Brief:
Transcribe each entry in full, and leave the images out.
Segment Open
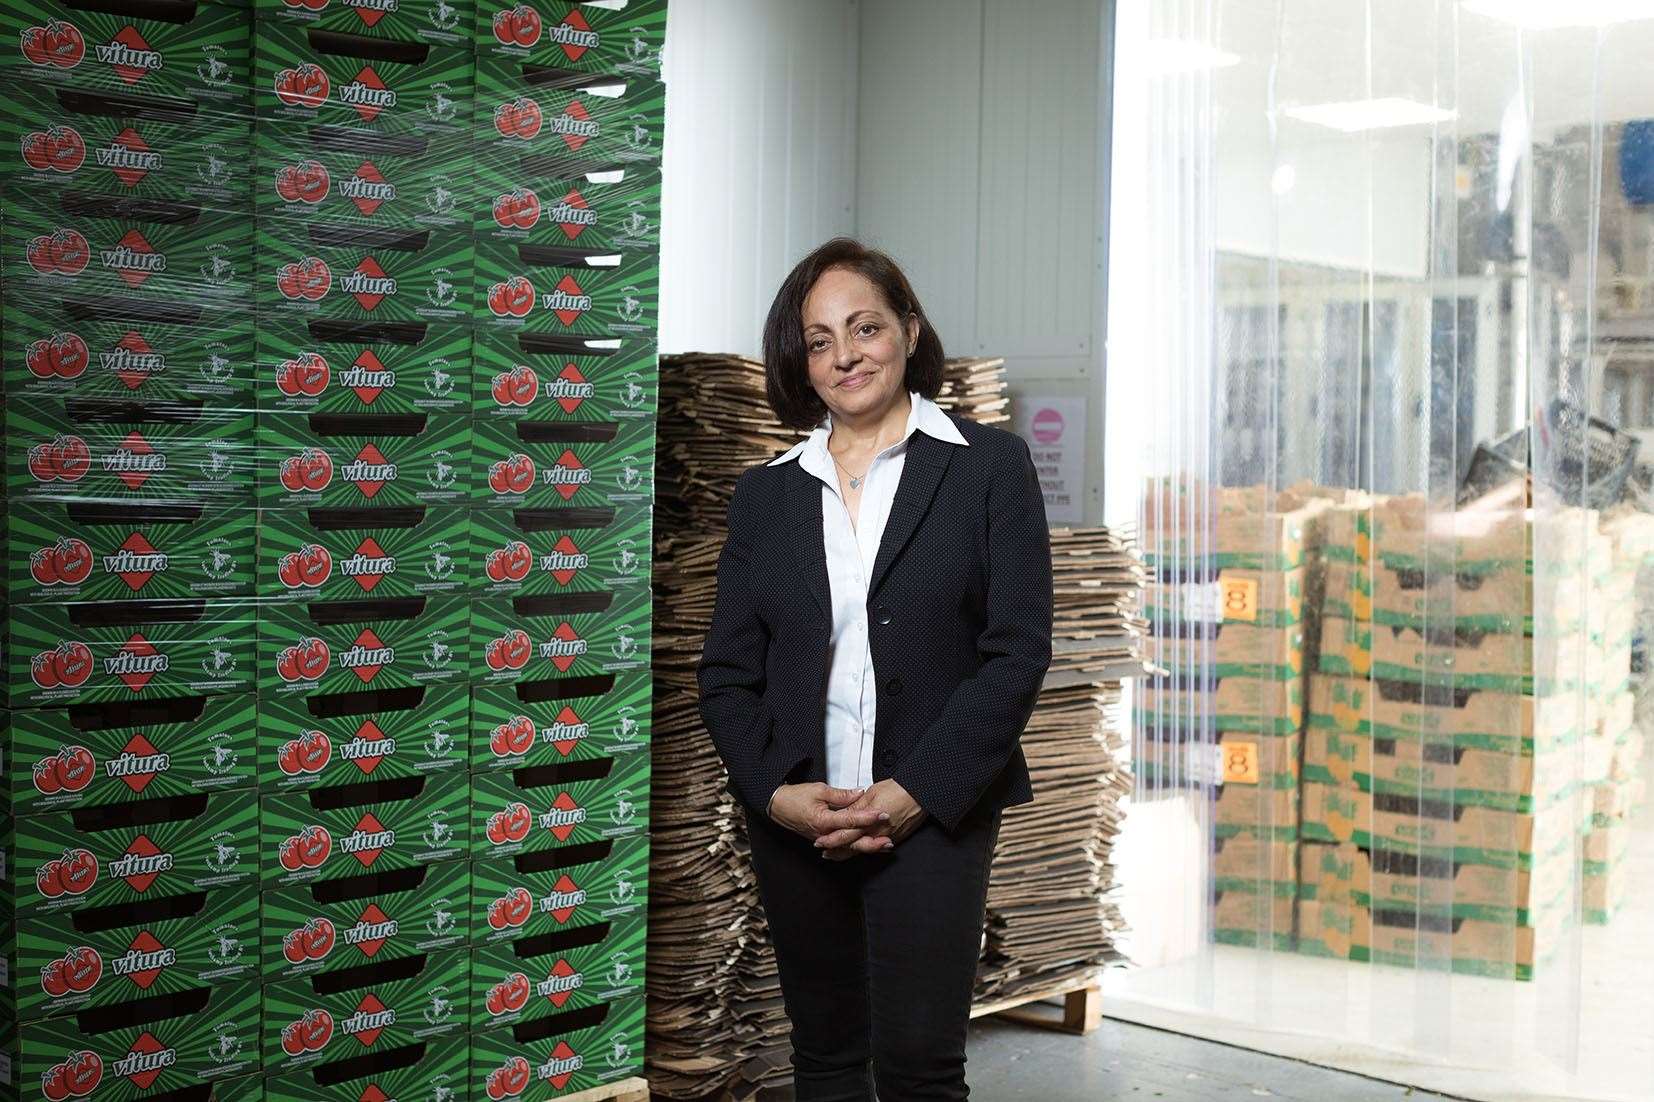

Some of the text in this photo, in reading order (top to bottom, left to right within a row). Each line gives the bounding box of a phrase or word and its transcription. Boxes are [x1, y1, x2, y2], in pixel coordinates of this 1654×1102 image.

[549, 23, 600, 48] vitura
[96, 41, 163, 70] vitura
[338, 81, 396, 107] vitura
[549, 113, 600, 137] vitura
[95, 143, 162, 170] vitura
[338, 176, 396, 200] vitura
[548, 202, 598, 225] vitura
[100, 246, 166, 271] vitura
[340, 271, 397, 294] vitura
[541, 290, 592, 311] vitura
[99, 347, 166, 371] vitura
[338, 365, 396, 387] vitura
[545, 377, 594, 398] vitura
[101, 449, 166, 471] vitura
[341, 460, 397, 481] vitura
[542, 464, 592, 484] vitura
[102, 550, 168, 572] vitura
[340, 554, 396, 575] vitura
[540, 551, 588, 571] vitura
[339, 646, 394, 667] vitura
[539, 637, 587, 658] vitura
[104, 652, 169, 674] vitura
[541, 722, 589, 742] vitura
[339, 737, 396, 759] vitura
[104, 753, 170, 777] vitura
[538, 808, 586, 829] vitura
[339, 830, 395, 853] vitura
[108, 853, 173, 878] vitura
[540, 890, 587, 912] vitura
[343, 920, 398, 944] vitura
[111, 948, 176, 975] vitura
[537, 973, 583, 996] vitura
[341, 1009, 396, 1034] vitura
[112, 1048, 176, 1077] vitura
[537, 1055, 583, 1080] vitura
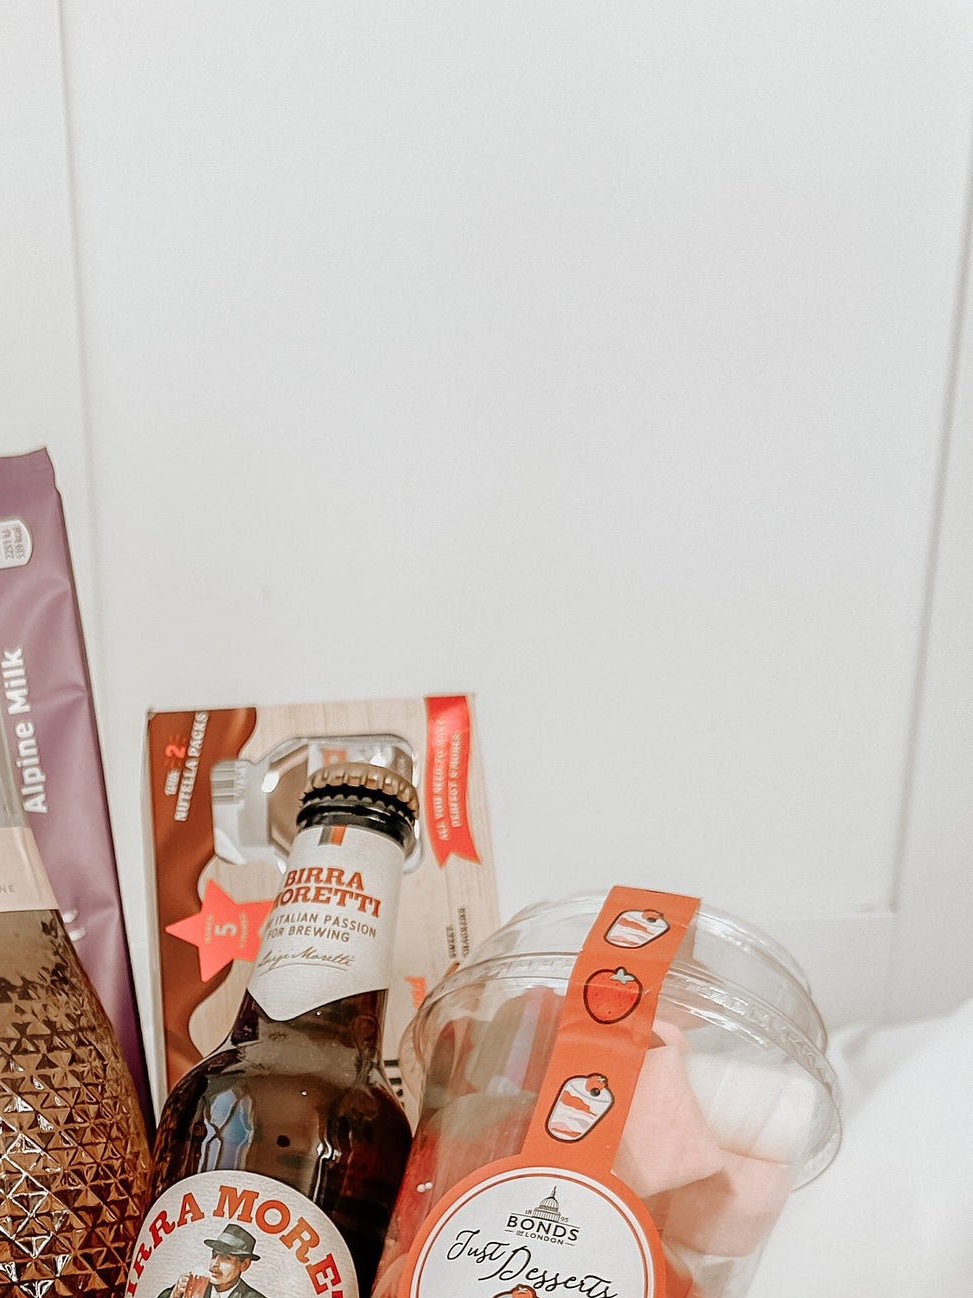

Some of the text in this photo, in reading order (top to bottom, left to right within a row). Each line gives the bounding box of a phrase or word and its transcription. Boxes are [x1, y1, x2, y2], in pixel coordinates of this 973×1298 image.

[0, 646, 48, 815] Alpine Milk
[165, 744, 186, 759] 2
[174, 711, 209, 821] NUTELLA PACKS
[284, 867, 364, 891] BIRRA
[215, 923, 237, 937] 5
[267, 925, 350, 943] FOR BREWING
[275, 912, 318, 926] ITALIAN
[324, 915, 376, 939] PASSION
[506, 1215, 580, 1242] BONDS
[524, 1231, 565, 1246] LONDON
[447, 1229, 510, 1263] Just
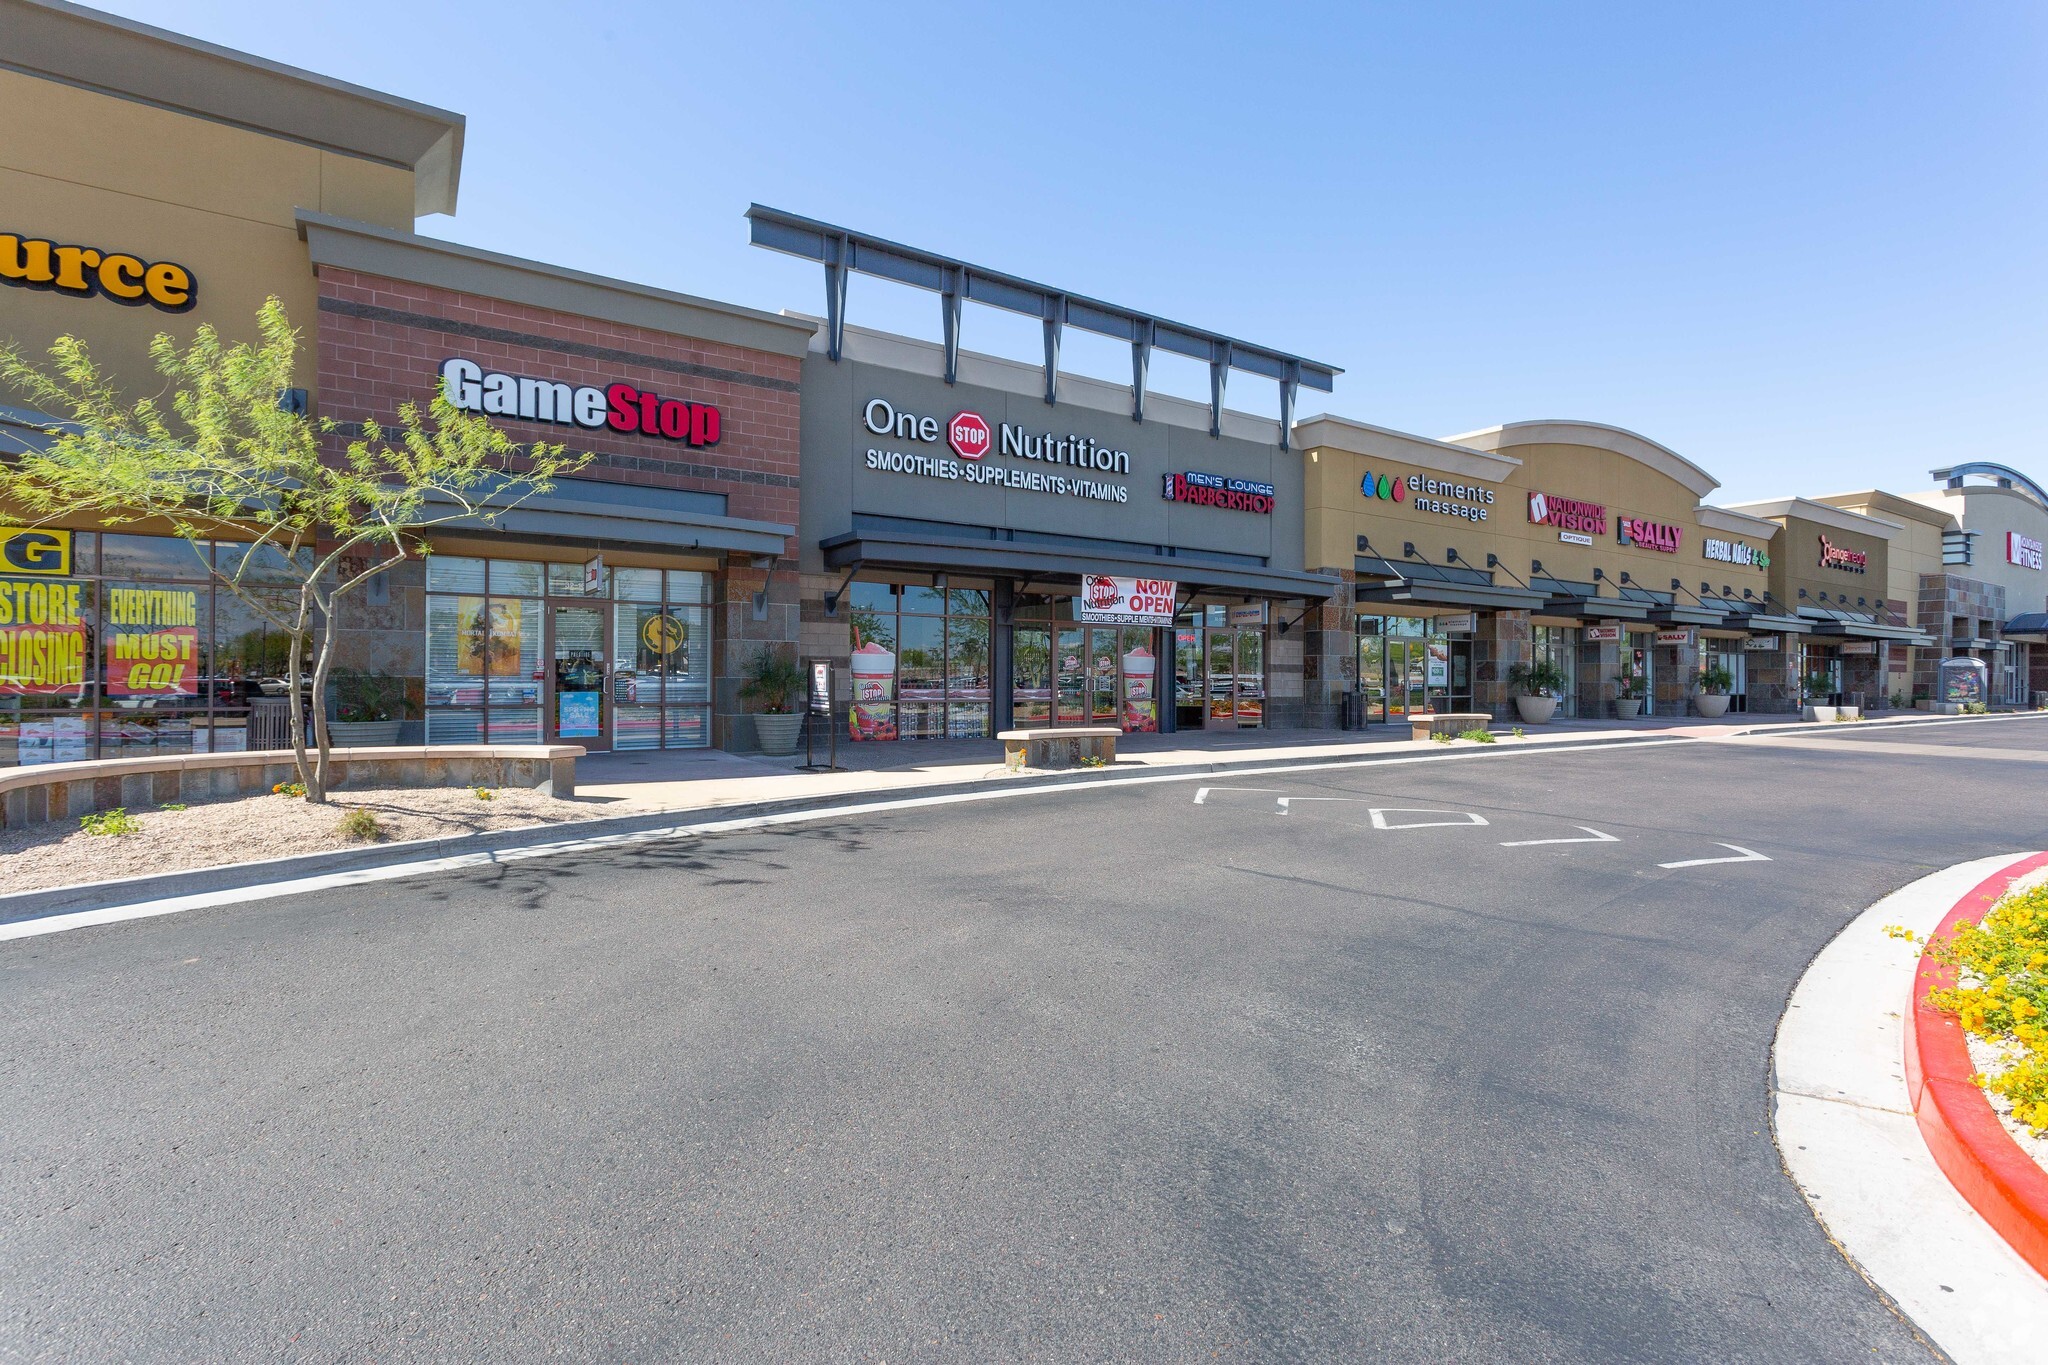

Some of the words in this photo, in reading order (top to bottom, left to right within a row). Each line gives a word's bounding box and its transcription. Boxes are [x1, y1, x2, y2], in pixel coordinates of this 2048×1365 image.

[443, 358, 721, 446] GameStop
[865, 398, 939, 443] One
[955, 426, 985, 445] STOP
[1001, 423, 1131, 474] Nutrition
[1175, 473, 1275, 514] BARBERSHOP
[1187, 472, 1223, 487] MEN'S
[1228, 479, 1274, 495] LOUNGE
[1409, 474, 1494, 504] elements
[1416, 498, 1487, 522] massage
[1549, 496, 1606, 520] NATIONWIDE
[1548, 510, 1606, 535] VISION
[1633, 518, 1683, 548] SALLY
[4, 532, 62, 570] G
[1563, 534, 1591, 544] OPTIQUE
[1705, 538, 1731, 562] HERBAL
[1093, 585, 1115, 599] STOP
[1136, 579, 1173, 596] NOW
[0, 581, 81, 626] STORE
[110, 588, 196, 627] EVERYTHING
[1129, 595, 1173, 614] OPEN
[116, 633, 194, 660] MUST
[1177, 634, 1196, 642] OPEN
[0, 630, 83, 686] CLOSING
[127, 663, 185, 690] GO!
[864, 689, 882, 699] STOP
Segment Closed
Your response:
Some of the text in this photo, in reading order (top to bottom, left to right within a row). Each line gives the bounding box of a phrase or word and its transcription. Boxes are [x1, y1, x2, y2], in pixel coordinates of this 1654×1102 image.

[549, 23, 600, 48] vitura
[96, 41, 163, 70] vitura
[338, 81, 396, 107] vitura
[549, 113, 600, 137] vitura
[95, 143, 162, 170] vitura
[338, 176, 396, 200] vitura
[548, 202, 598, 225] vitura
[100, 246, 166, 271] vitura
[340, 271, 397, 294] vitura
[541, 290, 592, 311] vitura
[99, 347, 166, 371] vitura
[338, 365, 396, 387] vitura
[545, 377, 594, 398] vitura
[101, 449, 166, 471] vitura
[341, 460, 397, 481] vitura
[542, 464, 592, 484] vitura
[102, 550, 168, 572] vitura
[340, 554, 396, 575] vitura
[540, 551, 588, 571] vitura
[339, 646, 394, 667] vitura
[539, 637, 587, 658] vitura
[104, 652, 169, 674] vitura
[541, 722, 589, 742] vitura
[339, 737, 396, 759] vitura
[104, 753, 170, 777] vitura
[538, 808, 586, 829] vitura
[339, 830, 395, 853] vitura
[108, 853, 173, 878] vitura
[540, 890, 587, 912] vitura
[343, 920, 398, 944] vitura
[111, 948, 176, 975] vitura
[537, 973, 583, 996] vitura
[341, 1009, 396, 1034] vitura
[112, 1048, 176, 1077] vitura
[537, 1055, 583, 1080] vitura

Some of the text in this photo, in reading order (top to bottom, left to right within a row). Each line gives the bounding box of a phrase or word and its transcription. Boxes are [x1, y1, x2, y2], in pixel coordinates of this 973×1298 image.

[0, 646, 48, 815] Alpine Milk
[165, 744, 186, 759] 2
[174, 711, 209, 821] NUTELLA PACKS
[284, 867, 364, 891] BIRRA
[215, 923, 237, 937] 5
[267, 925, 350, 943] FOR BREWING
[275, 912, 318, 926] ITALIAN
[324, 915, 376, 939] PASSION
[506, 1215, 580, 1242] BONDS
[524, 1231, 565, 1246] LONDON
[447, 1229, 510, 1263] Just

Some of the words in this photo, in reading order (top to bottom, left to right within a row). Each line gives a word's bounding box and its transcription. Boxes are [x1, y1, x2, y2], in pixel coordinates of this 2048×1365 image.

[443, 358, 721, 446] GameStop
[865, 398, 939, 443] One
[955, 426, 985, 445] STOP
[1001, 423, 1131, 474] Nutrition
[1175, 473, 1275, 514] BARBERSHOP
[1187, 472, 1223, 487] MEN'S
[1228, 479, 1274, 495] LOUNGE
[1409, 474, 1494, 504] elements
[1416, 498, 1487, 522] massage
[1549, 496, 1606, 520] NATIONWIDE
[1548, 510, 1606, 535] VISION
[1633, 518, 1683, 548] SALLY
[4, 532, 62, 570] G
[1563, 534, 1591, 544] OPTIQUE
[1705, 538, 1731, 562] HERBAL
[1093, 585, 1115, 599] STOP
[1136, 579, 1173, 596] NOW
[0, 581, 81, 626] STORE
[110, 588, 196, 627] EVERYTHING
[1129, 595, 1173, 614] OPEN
[116, 633, 194, 660] MUST
[1177, 634, 1196, 642] OPEN
[0, 630, 83, 686] CLOSING
[127, 663, 185, 690] GO!
[864, 689, 882, 699] STOP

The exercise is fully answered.